» **TASK ITEM**: Repeat every line of the data exactly, but not the pictures.
***** RECORDS TO USE
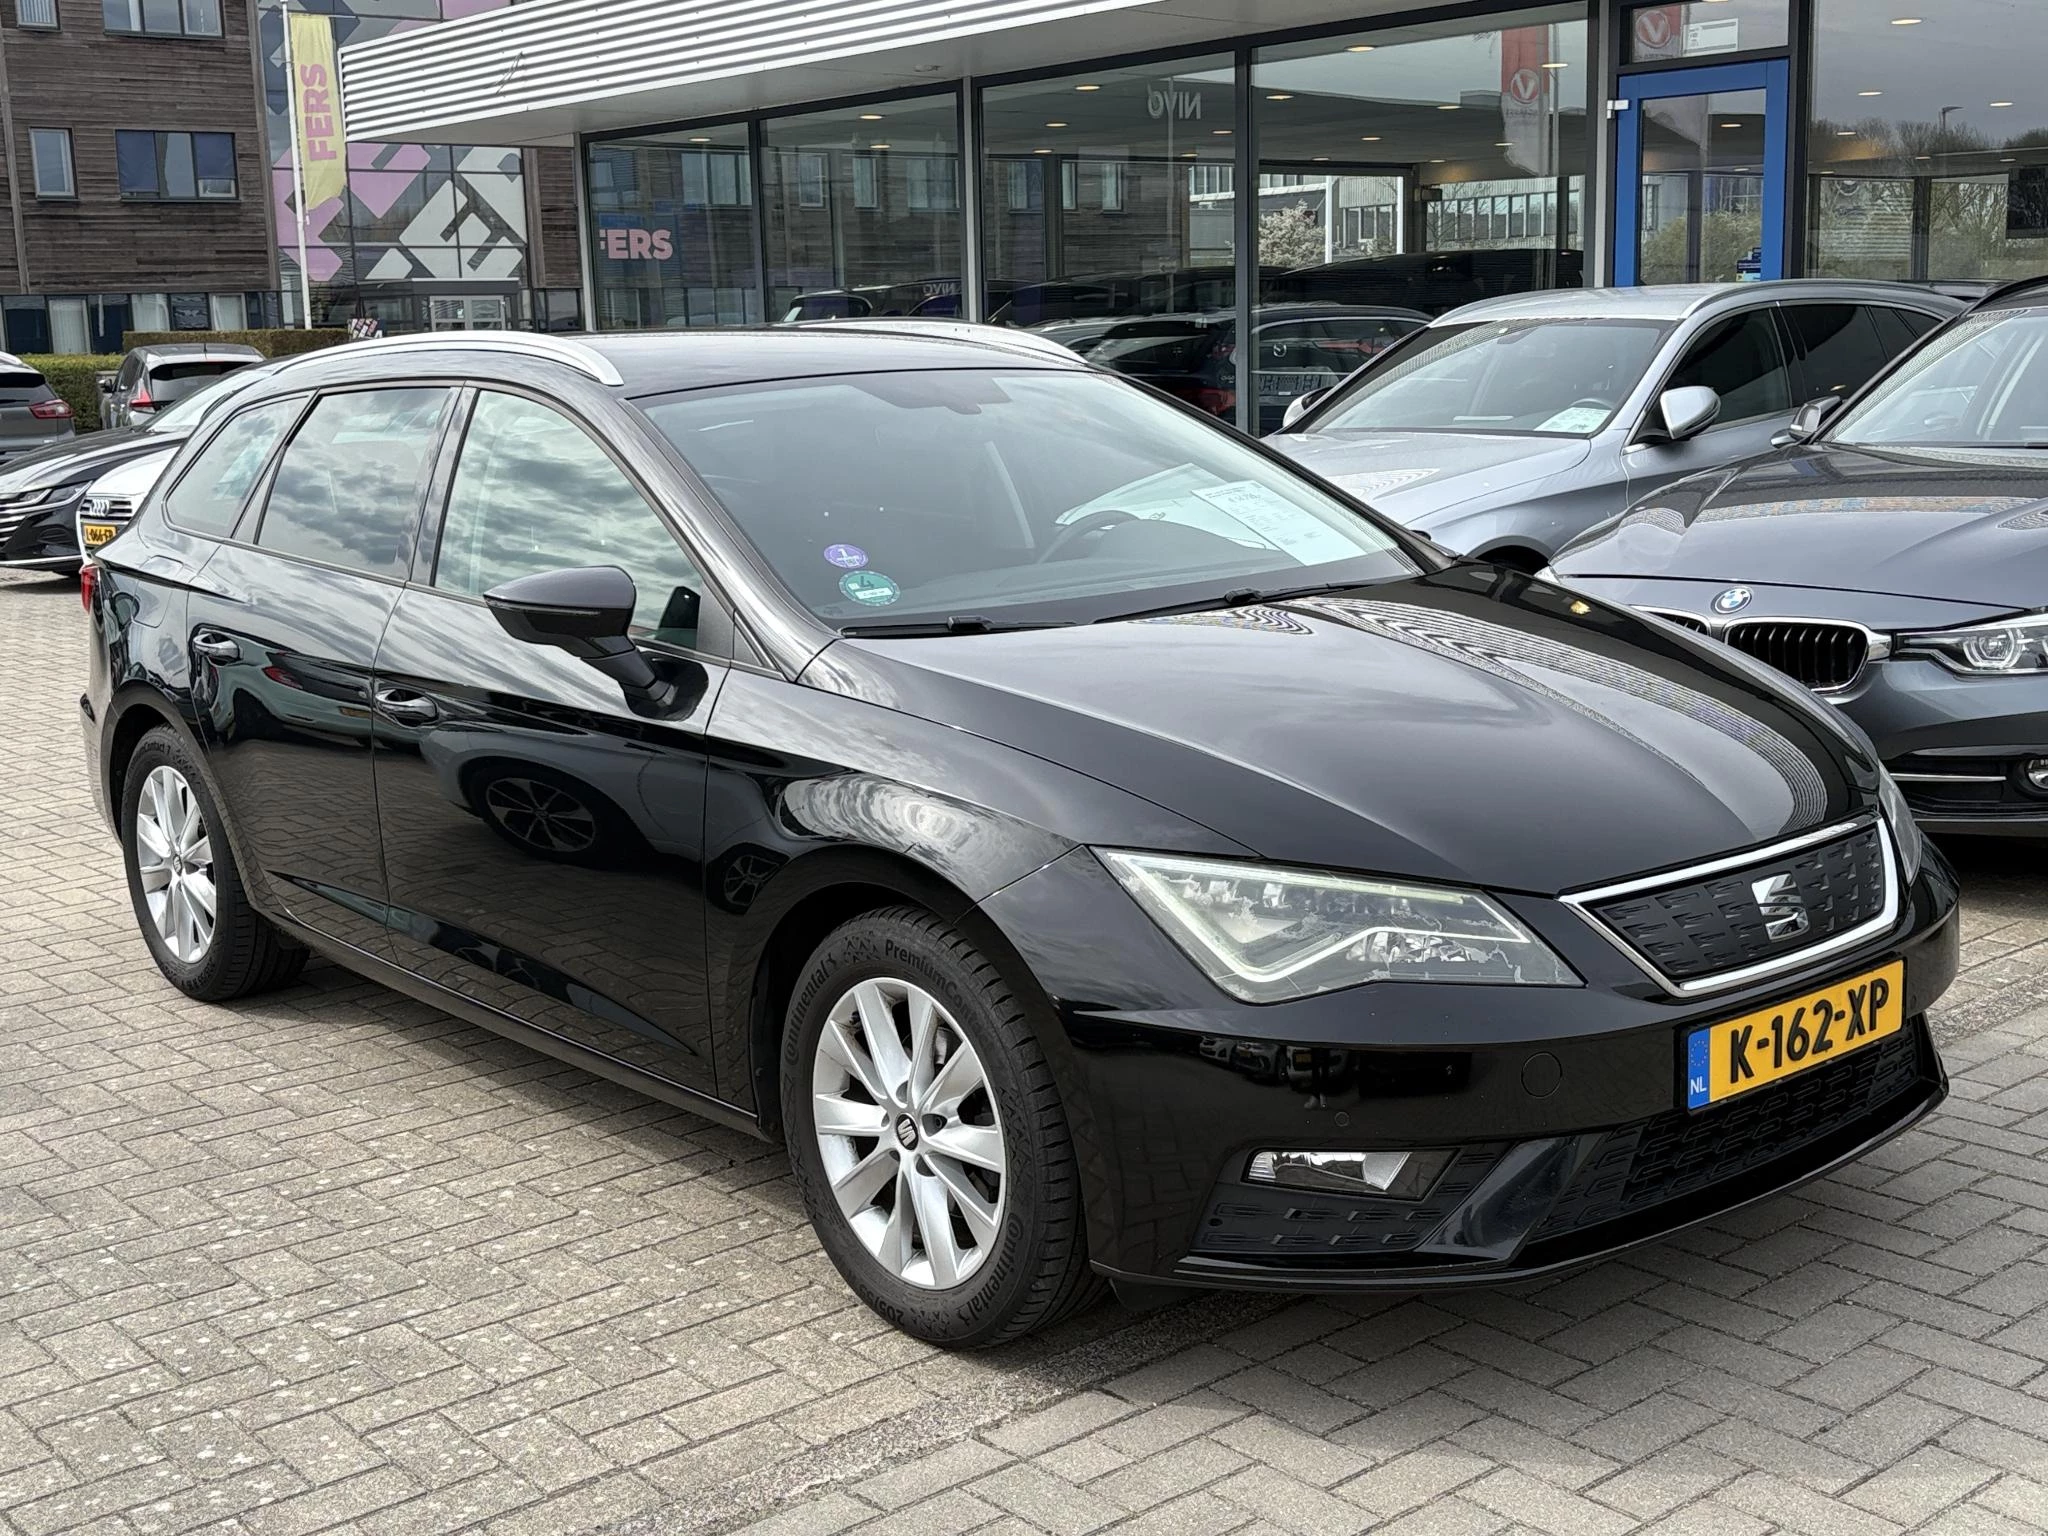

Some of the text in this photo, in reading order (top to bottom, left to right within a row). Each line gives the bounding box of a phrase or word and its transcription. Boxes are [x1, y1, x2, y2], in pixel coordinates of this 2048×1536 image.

[301, 63, 337, 161] FERS
[784, 959, 834, 1066] Continental
[1730, 977, 1889, 1084] K-162-XP
[1689, 1075, 1707, 1096] NL
[968, 1212, 1025, 1326] Continental
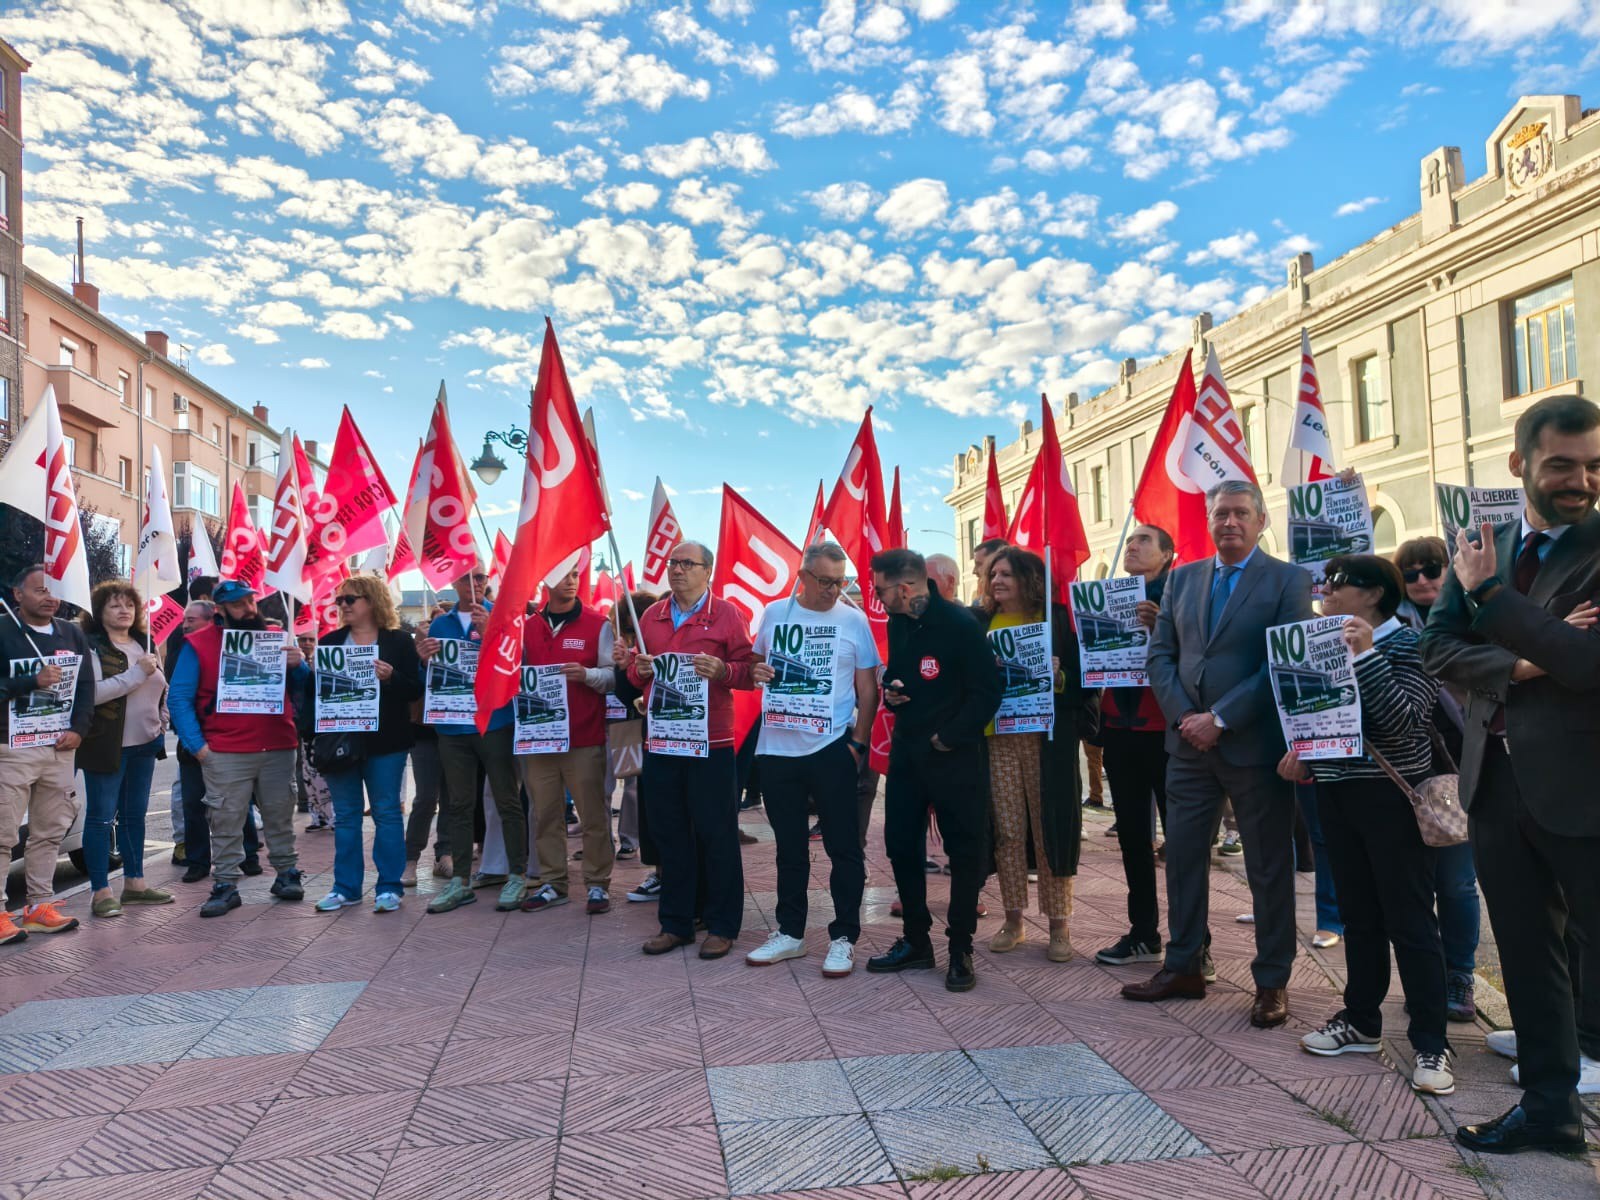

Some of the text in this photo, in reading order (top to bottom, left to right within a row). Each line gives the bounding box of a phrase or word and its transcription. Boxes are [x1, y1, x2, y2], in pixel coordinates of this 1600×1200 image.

[1194, 441, 1227, 479] León
[1324, 482, 1333, 492] AL
[1288, 483, 1323, 519] NO
[1326, 495, 1360, 509] CENTRO DE
[1470, 489, 1519, 503] AL CIERRE
[1437, 486, 1470, 528] NO
[1337, 510, 1363, 524] ADIF
[1473, 512, 1514, 523] CENTRO DE
[138, 529, 160, 555] eón
[644, 507, 680, 577] CCO
[1104, 577, 1139, 591] AL CIERRE
[1072, 581, 1105, 613] NO
[1107, 596, 1128, 606] CENTRO
[804, 626, 837, 635] AL CIERRE
[1014, 624, 1044, 638] AL CIERRE
[1305, 625, 1316, 635] AL
[225, 631, 254, 655] NO
[772, 624, 804, 655] NO
[1269, 624, 1305, 665] NO
[1308, 637, 1342, 653] CENTRO DE
[354, 646, 374, 654] CIERRE
[804, 643, 823, 651] CENTRO
[48, 656, 80, 666] AL CIERRE
[261, 655, 281, 663] ADIF
[317, 647, 345, 671] NO
[810, 657, 831, 667] ADIF
[1027, 654, 1044, 667] ADIF
[1324, 655, 1347, 672] ADIF
[355, 670, 373, 678] ADIF
[653, 653, 679, 682] NO
[58, 682, 73, 690] ADIF
[683, 683, 701, 693] ADIF
[546, 690, 561, 699] ADIF
[1315, 740, 1329, 749] UGT
[1340, 738, 1357, 748] CGT
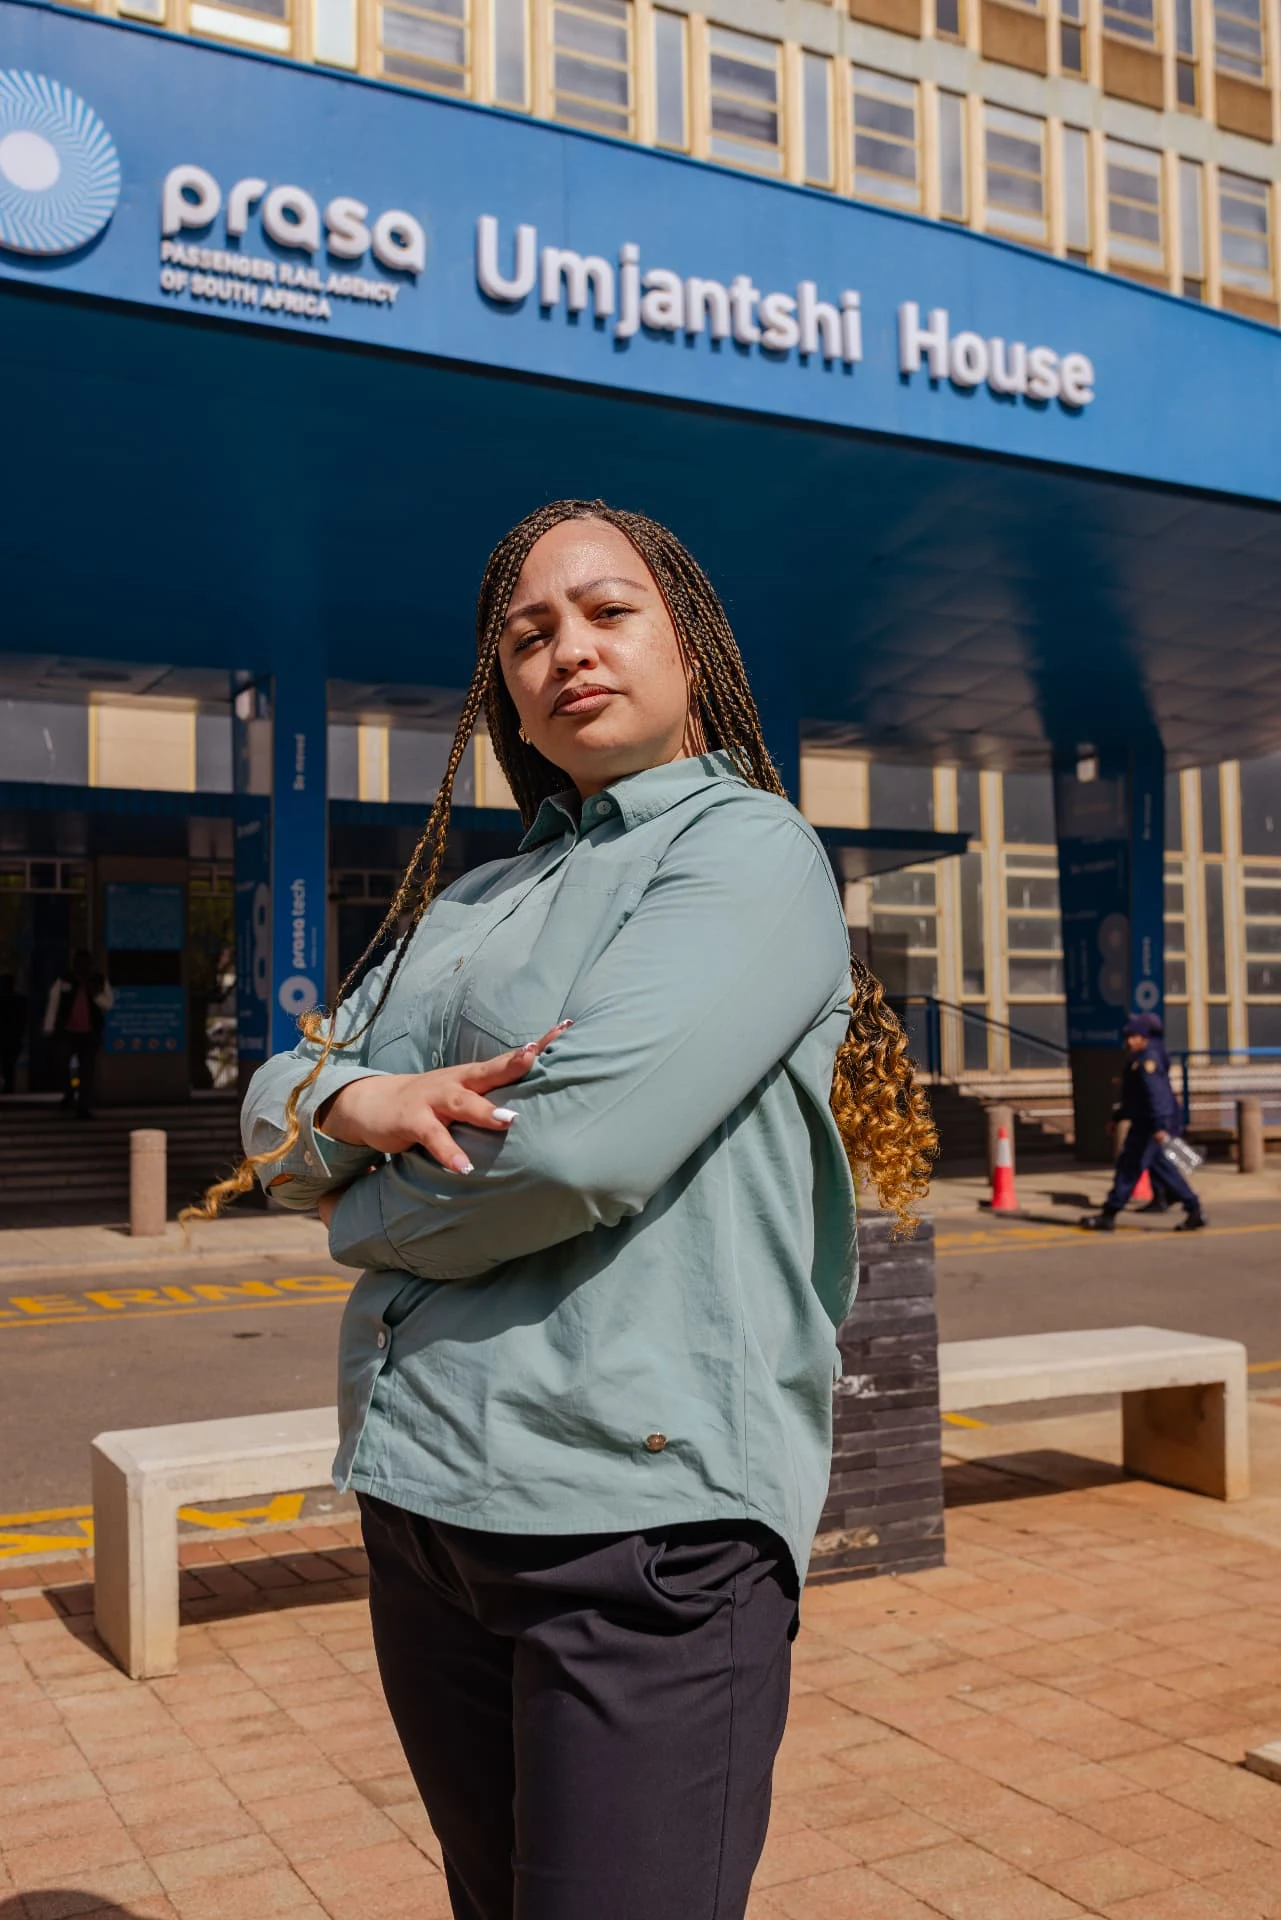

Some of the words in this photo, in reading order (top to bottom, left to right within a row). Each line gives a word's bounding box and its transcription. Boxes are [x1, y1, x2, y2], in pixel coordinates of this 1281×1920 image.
**********
» **PROBLEM SOLUTION**:
Some of the text in this photo, in reading order (top to bottom, left to right within a row). Each line gives the bounding box of a phrase or word and its transcription. Boxes are [x1, y1, x2, y2], in pixel coordinates of this 2048×1536 image.

[301, 63, 337, 161] FERS
[784, 959, 834, 1066] Continental
[1730, 977, 1889, 1084] K-162-XP
[1689, 1075, 1707, 1096] NL
[968, 1212, 1025, 1326] Continental

Some of the text in this photo, in reading order (top to bottom, left to right within a row). Each line gives the bounding box of a phrase or word and its transcription. Boxes are [x1, y1, x2, y2], in pixel coordinates of this 1600×1200 image.

[1194, 441, 1227, 479] León
[1324, 482, 1333, 492] AL
[1288, 483, 1323, 519] NO
[1326, 495, 1360, 509] CENTRO DE
[1470, 489, 1519, 503] AL CIERRE
[1437, 486, 1470, 528] NO
[1337, 510, 1363, 524] ADIF
[1473, 512, 1514, 523] CENTRO DE
[138, 529, 160, 555] eón
[644, 507, 680, 577] CCO
[1104, 577, 1139, 591] AL CIERRE
[1072, 581, 1105, 613] NO
[1107, 596, 1128, 606] CENTRO
[804, 626, 837, 635] AL CIERRE
[1014, 624, 1044, 638] AL CIERRE
[1305, 625, 1316, 635] AL
[225, 631, 254, 655] NO
[772, 624, 804, 655] NO
[1269, 624, 1305, 665] NO
[1308, 637, 1342, 653] CENTRO DE
[354, 646, 374, 654] CIERRE
[804, 643, 823, 651] CENTRO
[48, 656, 80, 666] AL CIERRE
[261, 655, 281, 663] ADIF
[317, 647, 345, 671] NO
[810, 657, 831, 667] ADIF
[1027, 654, 1044, 667] ADIF
[1324, 655, 1347, 672] ADIF
[355, 670, 373, 678] ADIF
[653, 653, 679, 682] NO
[58, 682, 73, 690] ADIF
[683, 683, 701, 693] ADIF
[546, 690, 561, 699] ADIF
[1315, 740, 1329, 749] UGT
[1340, 738, 1357, 748] CGT

Some of the words in this photo, in reading order (top to bottom, left to right within a row). Each line gives a word's bounding box and its transcription. Boxes are [x1, y1, x2, y2], in pixel coordinates of this 1281×1920 image.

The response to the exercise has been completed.